Celebrating the ‘First Light’ of the New CryoEM

Vanna Zachariou seated inseated in control room in front of computers typing
Edward Avedisian Professor and Chair of Pharmacology, Physiology & Biophysics Vanna Zachariou, PhD, adjusts the settings of the cryoEm in the control room

The ‘First Light’ of Boston University’s Glacios-2 cryogenic electron microscope (cryo-EM) is an exciting step in the setup of the new Cryo-EM Core Facility.

Located on the Medical Campus, there are 25 research groups across the university ready to use the new core, including teams from the dental and medical schools along with the College of Art & Sciences and College of Engineering.

Jamie McKnight beside the cryoEM
Jamie McKnight, PhD, associate provost and dean of graduate medical sciences and associate professor of pharmacology, physiology & biophysics, with the cryoEM

With this new instrumentation, investigators will be able to advance scientific discoveries in health and disease by determining structures of macromolecules at near-atomic resolution. Samples are frozen so quickly that the water freezes as a glass, providing samples that are kept in a near-native state.

Thousands of images will be collected daily and analyzed using computers in the facility and at the Boston University Shared Computing Cluster. Planned experiments include studies on the heart, muscle, Alzheimer’s disease and other neurodegenerative disorders, G protein coupled receptor complexes, bacterial and viral infections, enzyme function, nanoparticles and protein biosynthesis and transport.

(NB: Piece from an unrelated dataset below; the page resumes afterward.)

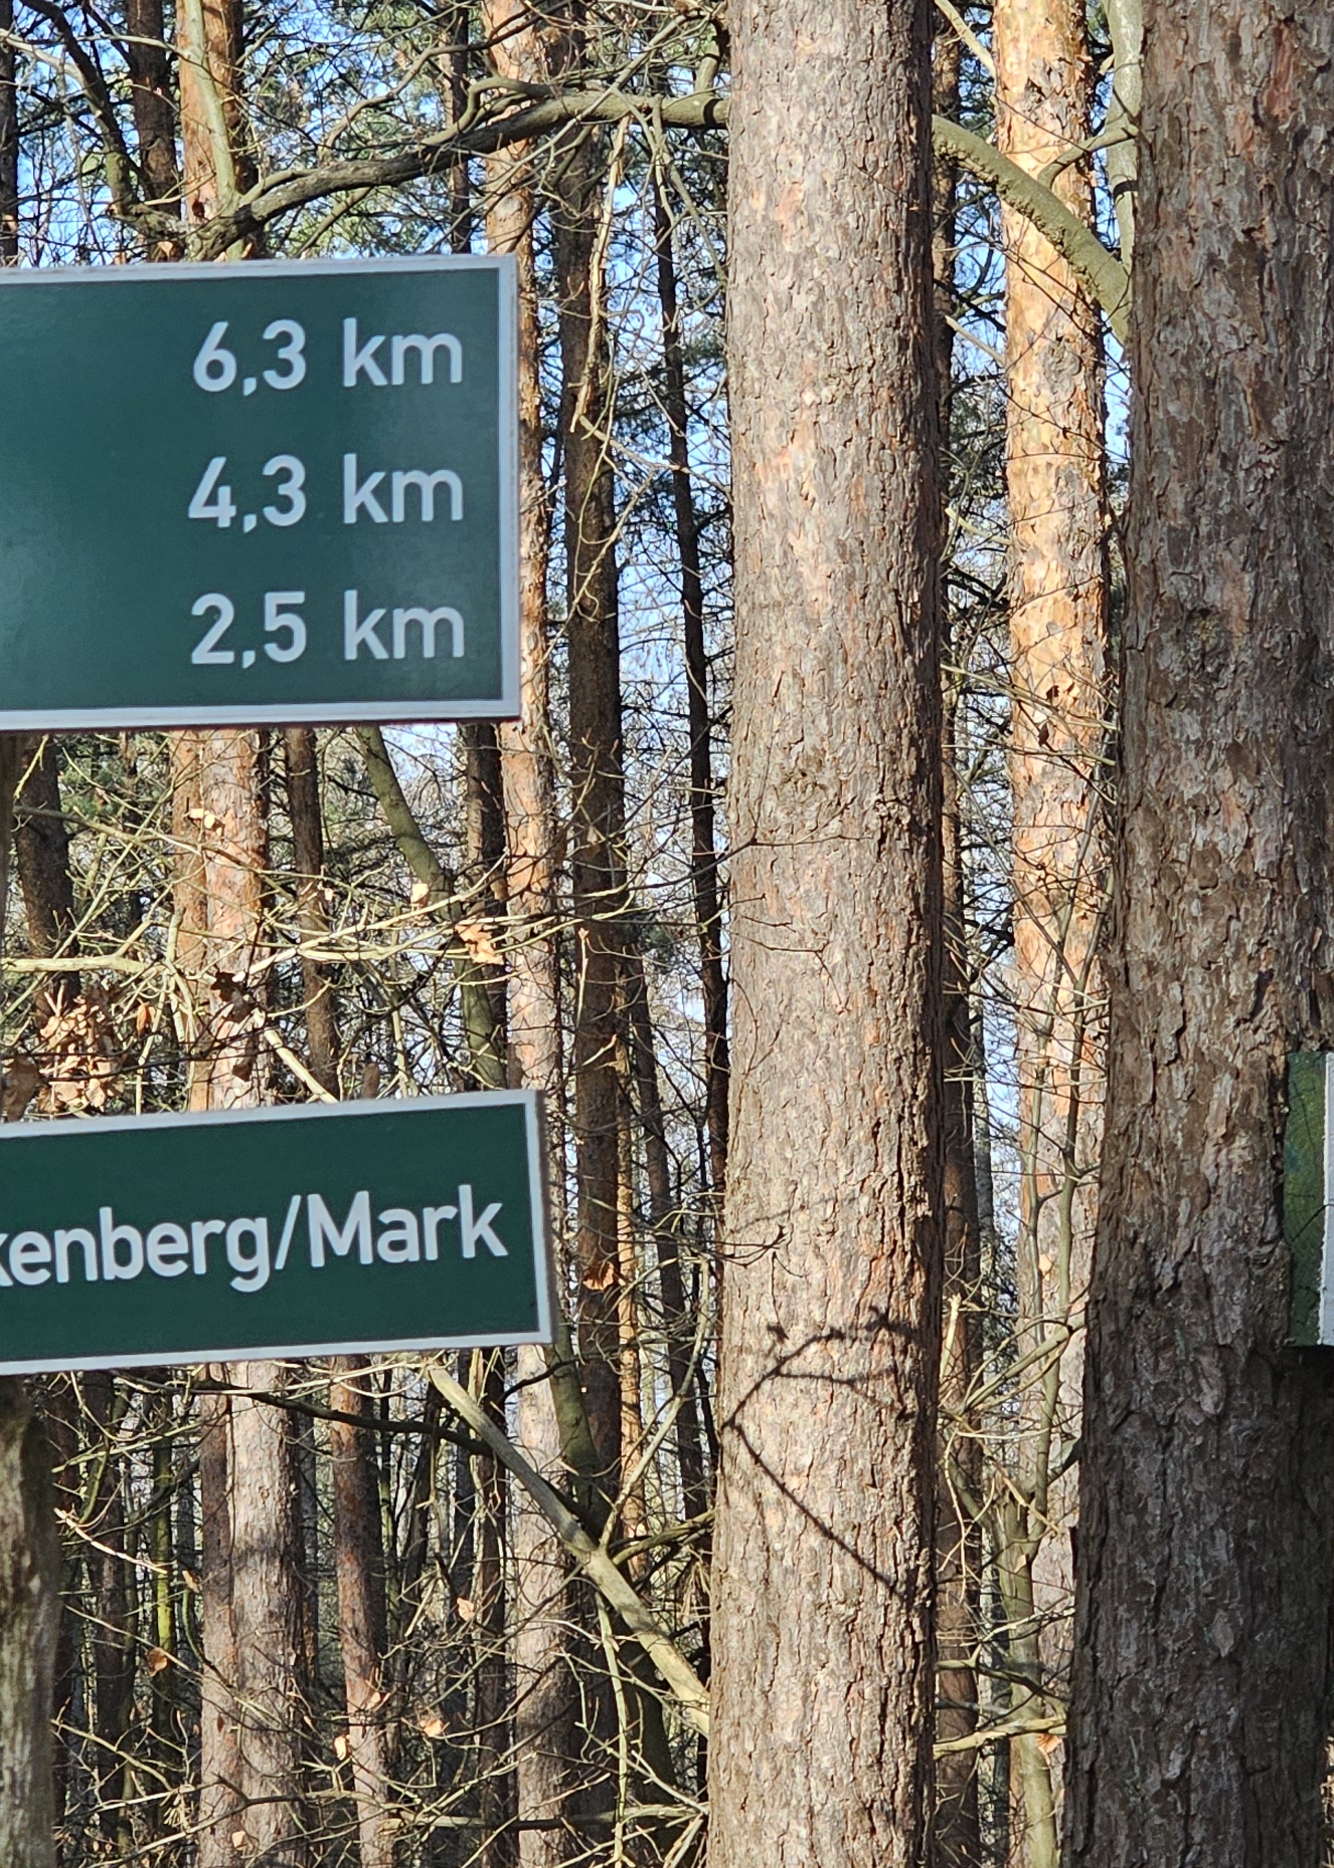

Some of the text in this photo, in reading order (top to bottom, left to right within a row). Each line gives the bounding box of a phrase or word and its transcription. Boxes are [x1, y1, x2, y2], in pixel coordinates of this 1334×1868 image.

This is BU’s first cryo-EM core facility, updating older cryo-EMs located in the department of pharmacology, physiology & biophysics.

Dean Antman seated in control room at cryo event
Dean Antman inside the control room of the cryoEM, ready to open the column valves that will send electrons down the column for “first light.”

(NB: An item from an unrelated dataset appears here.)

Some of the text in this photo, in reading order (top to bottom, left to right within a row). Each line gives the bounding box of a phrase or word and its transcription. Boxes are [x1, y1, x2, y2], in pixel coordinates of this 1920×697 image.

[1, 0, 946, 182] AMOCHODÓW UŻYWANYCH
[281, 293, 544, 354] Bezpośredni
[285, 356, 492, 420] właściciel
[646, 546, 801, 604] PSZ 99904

The cryo-EM was funded, in part, by a National Institutes of Health Shared Instrumentation Grant awarded to Professor of Pharmacology, Physiology & Biophysics Esther Bullitt, PhD. The expansion of EM facilities and recruitment of structural biology faculty has been one of the high-priority goals for Vanna Zachariou, PhD, Edward Avedisian Professor and chair of the department.

A ‘First Light’ gathering was held Friday to celebrate the inaugural electron beam from the instrument, which was configured by Dean Antman. Alignment and testing of the Glacios-2 are continuing, and it is expected the facility will be ready for use in the near future.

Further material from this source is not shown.